Ardarin, Lambertine, Toko :Cette assertion ne me paraît pas congruente
"les langues inventées de Tolkien sont humaines, car elles sont le fruit de la sous-création d'un humain"
Benilbo :En te lisant, le parallèle me vient immédiatement avec la conception saussurienne du signe linguistique. Déduisons le modèle suivant spécifique au signe faërique : de même que le signe linguistique général est (tient son existence) de par l'association d'un signifiant (matériel - acoustique) et d'un signifié (conceptuel - sémantique), de même le signe faërique est (tient son existence) de par l'association d'un signifiant (matériel - externe) et d'un signifié (conceptuel - interne). Dans les deux cas la matière n'a de pertinence que si elle joue son rôle de communiquer un sens : c'est l'union du signifiant et du signifié qui fait la réalité du signe. Défaire ce lien, pour un conte dissocier « externe » et « interne », a la même conséquence que de dissocier le signifiant d'un signifié de la langue : lorsqu'on le fait, on ne manipule plus la langue ; de même en faërie n'attrape-t-on que du vide. Le lien qui opère entre les deux et qui maintient la réalité du signe faërique a un nom : c'est l'enchantement (et garder ce lien est ce que certains appellent « étoilé » ; tandis que le rompre est « carnassier »). Ainsi, conserver l'enchantement n'est pas seulement une affaire de poésie et de goût (ou plutôt : le goût de la poésie n'est pas « une » fantaisie ...

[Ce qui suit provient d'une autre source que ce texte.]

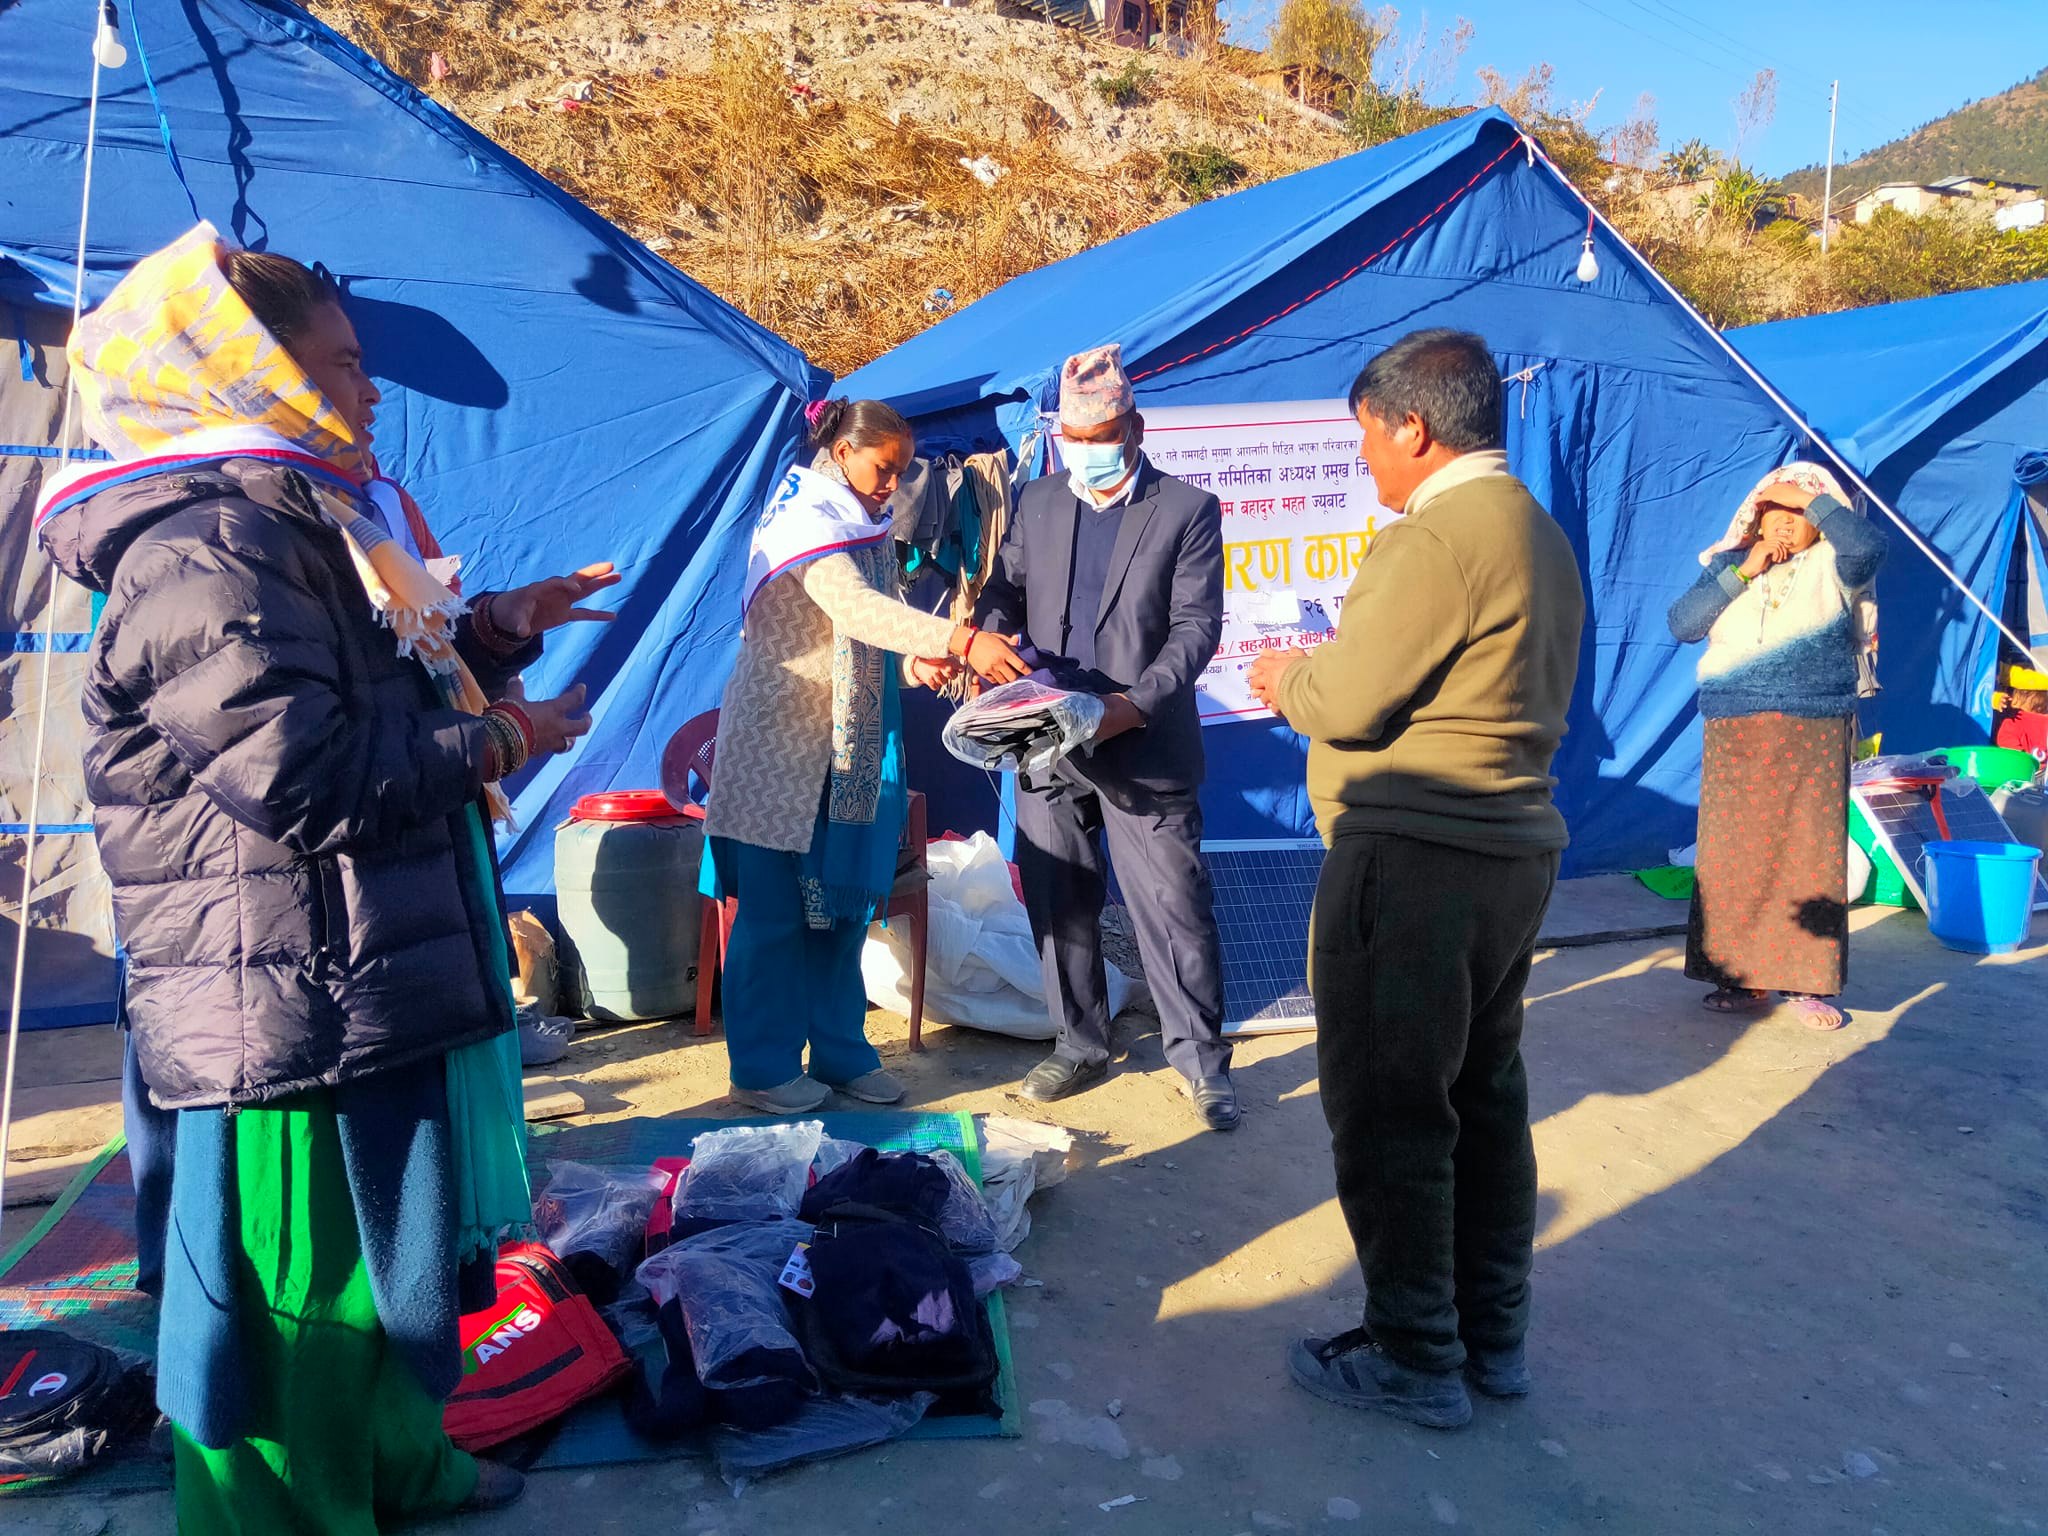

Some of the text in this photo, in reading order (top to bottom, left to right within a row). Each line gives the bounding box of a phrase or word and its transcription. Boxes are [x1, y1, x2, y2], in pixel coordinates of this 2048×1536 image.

Le problème sur lequel je veux insister ne porte pas finalement tant que ça sur le caractère humain ou inhumain; pour moi, comme je le répète, les divergences dans ce fuseau s'articulent autour d'un problème de nature. Et le principal mot sur lequel rejeter la faute dans les phrases "ces langues sont humaines" et "ces langues sont inhumaines", ce n'est pas tant "humain" ou "inhumain" mais bien plutôt le verbe "être". C'est quoi, l'être d'un objet à la nature multiple, l'une faërique dans le monde secondaire, l'autre langue inventée, (sous-)création d'un esprit humain dans le monde primaire ? Pour moi, il s'agit des deux à la fois, et choisir un point de vue consisterait nécessairement à éliminer l'autre (puisque chacun possède son système causatif propre incompatible avec l'autre : en se projettant entièrement dans le premier, Tolkien n'existe pas; en se projettant entièrement dans le second, les Elfes n'existent pas).

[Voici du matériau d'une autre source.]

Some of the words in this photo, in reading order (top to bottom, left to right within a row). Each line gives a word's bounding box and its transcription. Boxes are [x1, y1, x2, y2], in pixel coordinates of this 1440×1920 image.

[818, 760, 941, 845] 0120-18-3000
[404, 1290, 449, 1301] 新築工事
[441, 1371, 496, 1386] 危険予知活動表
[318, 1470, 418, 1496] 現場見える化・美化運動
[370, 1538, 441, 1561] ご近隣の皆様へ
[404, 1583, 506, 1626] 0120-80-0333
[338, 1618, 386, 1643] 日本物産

Imaginons que nous soyons tous en train de regarder une montagne, chacun depuis notre village respectif, à l'heure du coucher de soleil; l'un, placé à contre jour dira : cette montagne est noire. Un autre, le dos au soleil, dira à propos du versant baigné dans la lumière : cette montagne est rouge. Enfin, un dernier, de biais, ébloui par les rayons réfléchis par les cimes enneigées dira : cette montagne est blanche. Nous aurions tous raison et tort à la fois; raison, car ce que nous disons correpond bien à l'état de la montagne telle que nous la voyons; cet état, de notre point de vue exclu tous les autres. Pour celui qui voit la montagne noire, c'est bien toute la montagne qui est noire en cet instant. Mais nous avons tous tort, car une montagne ne peut être à la fois exclusivement noire, blanche ou rouge, sauf si on la considère de tous les points de vue à la fois. Mais cette considération est factuellement impossible : d'aucun ne peut se trouver dans tous les villages à la fois; seule une considération Naturelle, Essentielle permet de prendre en compte l'être multiple de l'objet en question. Ca ressemble furieusement, finalement, à un problème d'incertitude relativiste, non ?![]()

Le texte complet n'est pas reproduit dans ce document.